- Born: Mikhail Trifonovich Iovchuk 19 November 1908 Brest Region, Russian Empire
- Died: 9 January 1990 (aged 81) Moscow, Russian Soviet Federative Socialist Republic, Soviet Union

Education
- Alma mater: Krupskaya Academy of Communist Education Institute of Red Professors

Philosophical work
- Era: Contemporary philosophy
- Region: Soviet philosophy
- School: Marxism-Leninism
- Main interests: Dialectical materialism, history of philosophy

= Mikhail Iovchuk =

Soviet philosopher and party official (1909–1990)

Mikhail Trifonovich Iovchuk (Михаил Трифонович Иовчук; 19 November 1908 — 9 January 1990) was a Soviet philosopher, Communist Party official and Corresponding Member of the Academy of Sciences of the Soviet Union.

== Biography ==
Born in to a peasant family, Iovchuk joined the Communist Party in 1926.

He graduated from the Philosophy Department of the Krupskaya Academy of Communist Education in 1931. Until 1933, he also studied at the Institute of Red Professors. From 1933 to 1936 he was the head of the political department of a state farm in the Byelorussian SSR. From 1936 to 1939 he headed the departments of dialectical materialism and Marxism-Leninism at the Moscow Institute of Chemical Technology and the Moscow Timiryazev Agricultural Academy.

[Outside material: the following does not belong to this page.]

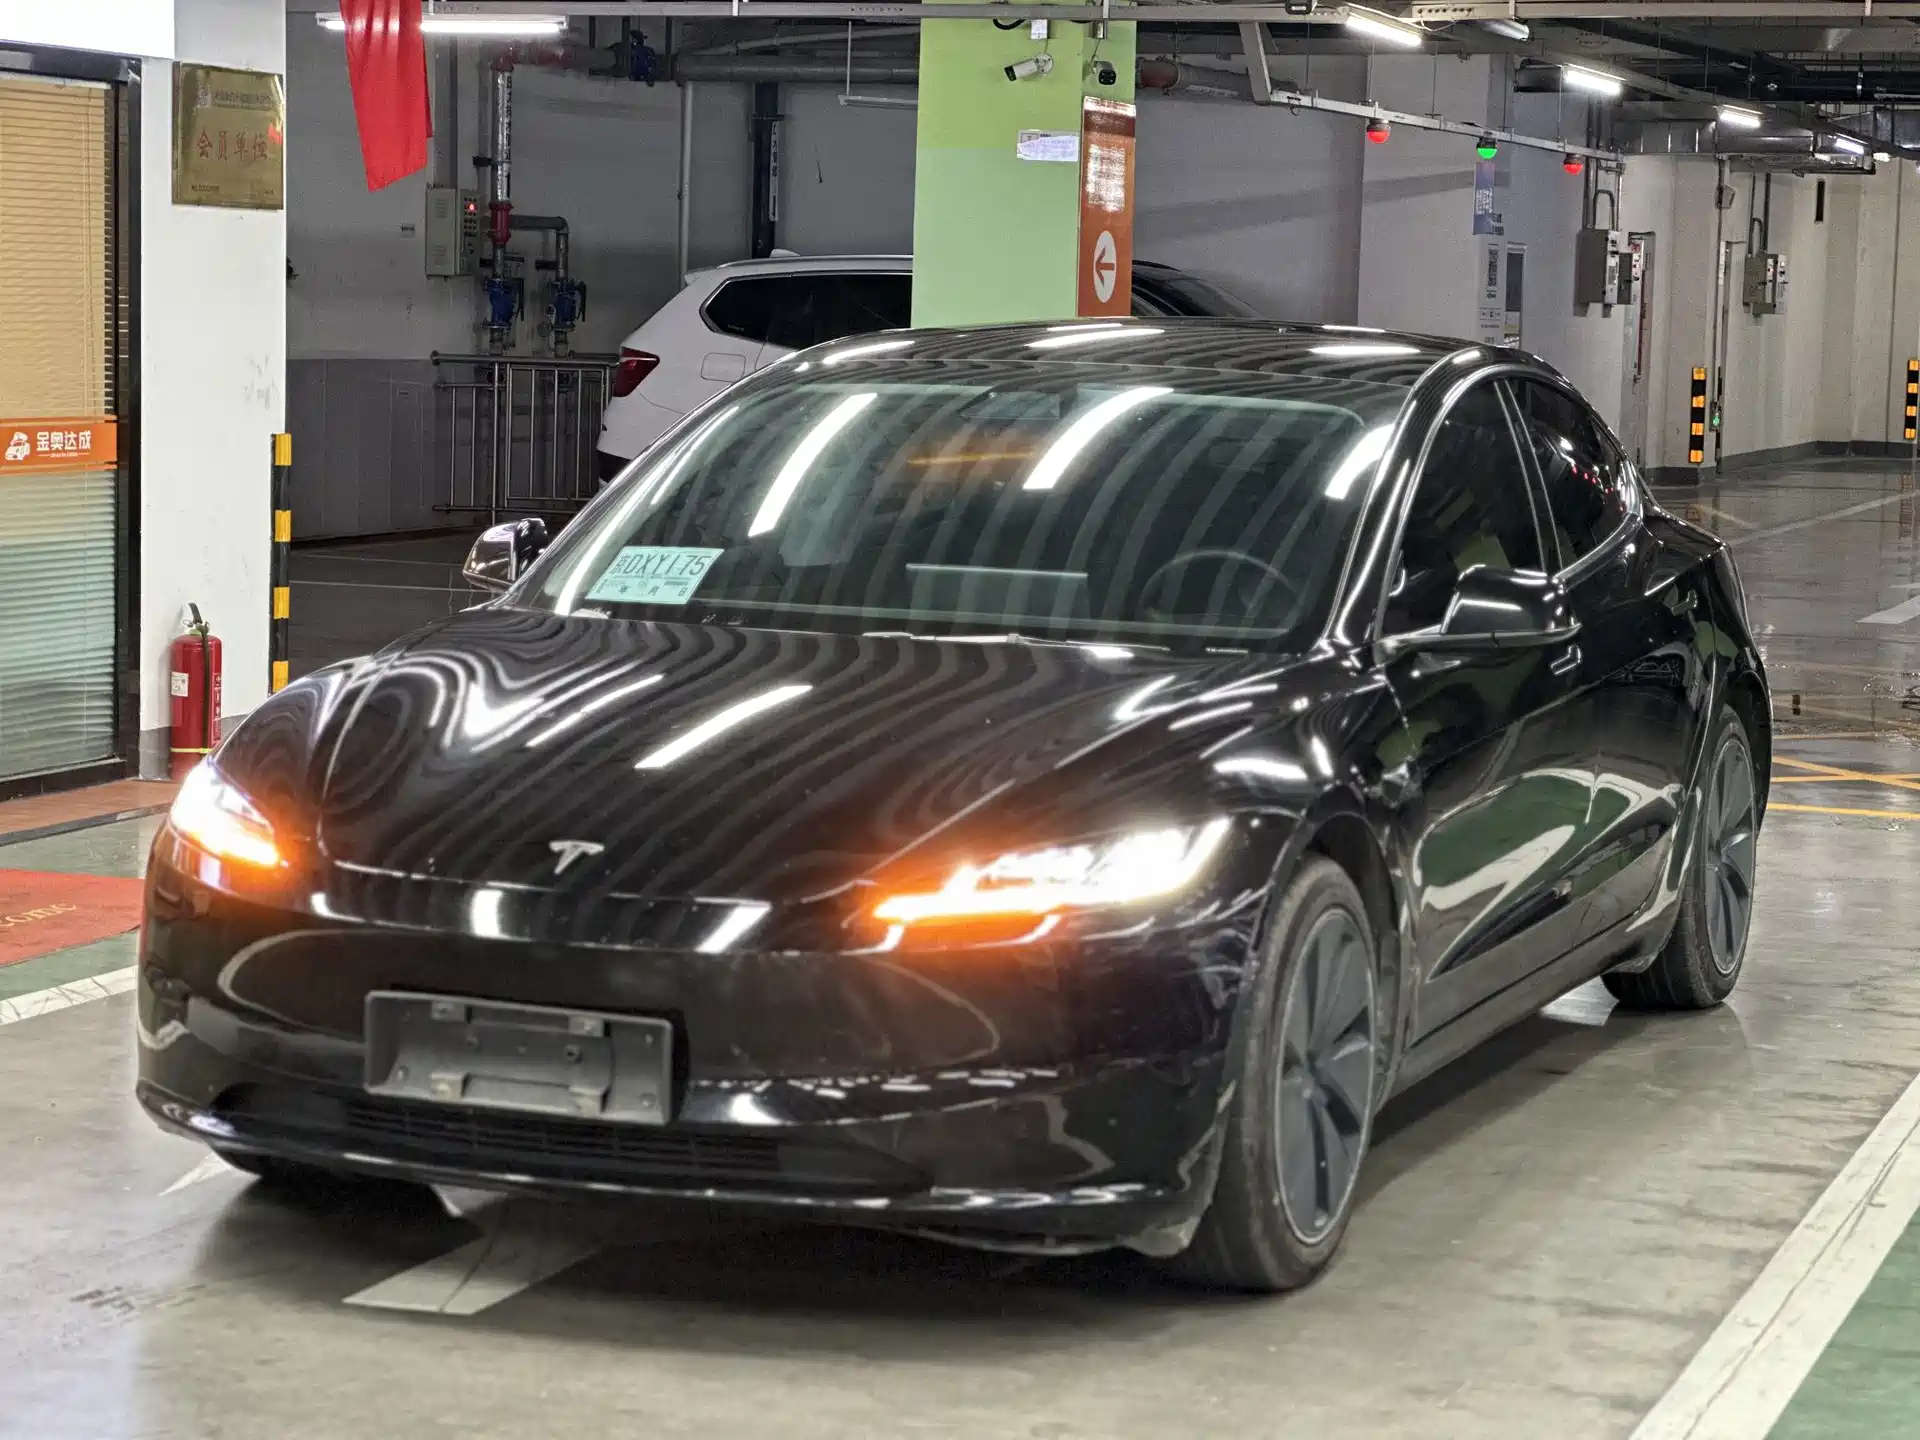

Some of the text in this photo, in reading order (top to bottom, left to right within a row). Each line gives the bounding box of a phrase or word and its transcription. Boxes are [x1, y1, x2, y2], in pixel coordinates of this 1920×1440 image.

From September to November 1939 he was deputy head of the press and propaganda department of the Executive Committee of the Comintern. From November 1939 to September 1941 he was head of the propaganda department of the Executive Committee of the Comintern.

From 1941 to 1944 he worked in the Propaganda and Agitation Department of the Central Committee of the CPSU (B). From May to June 1944 he was the editor-in-chief of the magazine Under the Banner of Marxism. From May 1944 to February 1947 he was deputy head of the Propaganda and Agitation Department of the Central Committee of the CPSU (B). Simultaneously from 1943 to 1947 he headed the Department of History of Russian Philosophy at the Faculty of Philosophy of Moscow State University.

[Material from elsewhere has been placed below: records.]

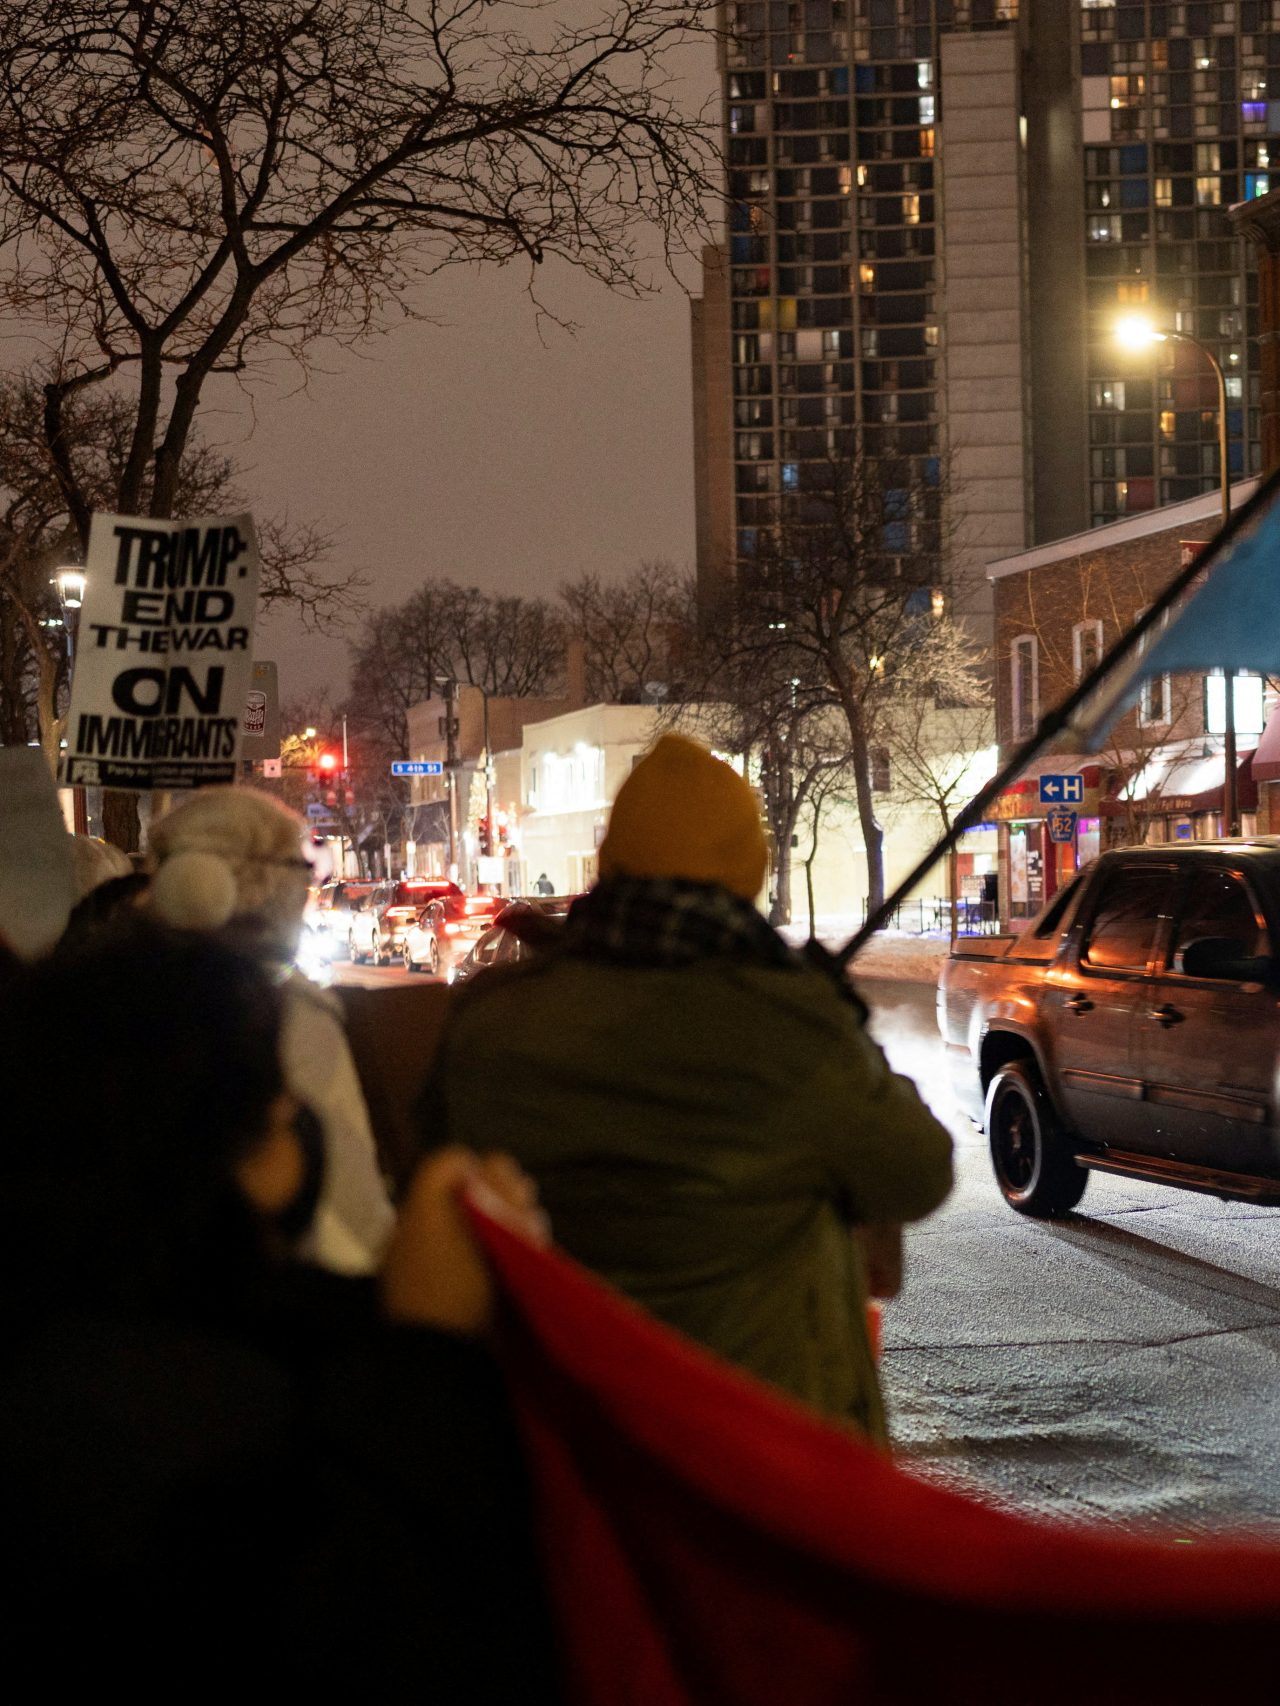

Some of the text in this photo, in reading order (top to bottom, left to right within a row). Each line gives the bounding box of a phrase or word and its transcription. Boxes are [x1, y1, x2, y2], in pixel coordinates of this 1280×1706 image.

[122, 590, 235, 625] END
[90, 624, 248, 653] THE WAR
[112, 666, 225, 717] ON
[77, 714, 238, 759] IMMIGRANTS
[1063, 779, 1080, 799] H

From 7 March 1947 to 15 February 1949 Iovchuk served as Secretary of the Central Committee of the Communist Party of Belarus (b) for propaganda and agitation. At the same time he headed the Department of Philosophy at the Belarusian State University.

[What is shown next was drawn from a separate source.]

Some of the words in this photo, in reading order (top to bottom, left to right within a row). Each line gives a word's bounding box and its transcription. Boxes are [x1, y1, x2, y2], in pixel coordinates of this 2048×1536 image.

From 1949 to 1953 he was head of the Department of Dialectical and Historical Materialism at the Ural State University in Sverdlovsk. Since 1953 he has been a professor at the Department of History of Marxist-Leninist Philosophy, Faculty of Philosophy of the Moscow State University. From 1957 to 1963 he was head of the Department of the History of Marxist-Leninist Philosophy at the Faculty of Philosophy of the Moscow State University.

From 1957 to 1970 he was head of the sector History of Marxism-Leninism the Institute of Philosophy of the USSR Academy of Sciences and editor-in-chief of the journal Philosophical Sciences. From 1966 he was Chairman of the Scientific Council of the USSR Academy of Sciences on the History of Public Opinion.

From October 1970 to March 1978 he was rector of the Academy of Social Sciences under the Central Committee of the CPSU. From March 1978 he was a consultant to the Institute of Marxism-Leninism under the Central Committee of the CPSU.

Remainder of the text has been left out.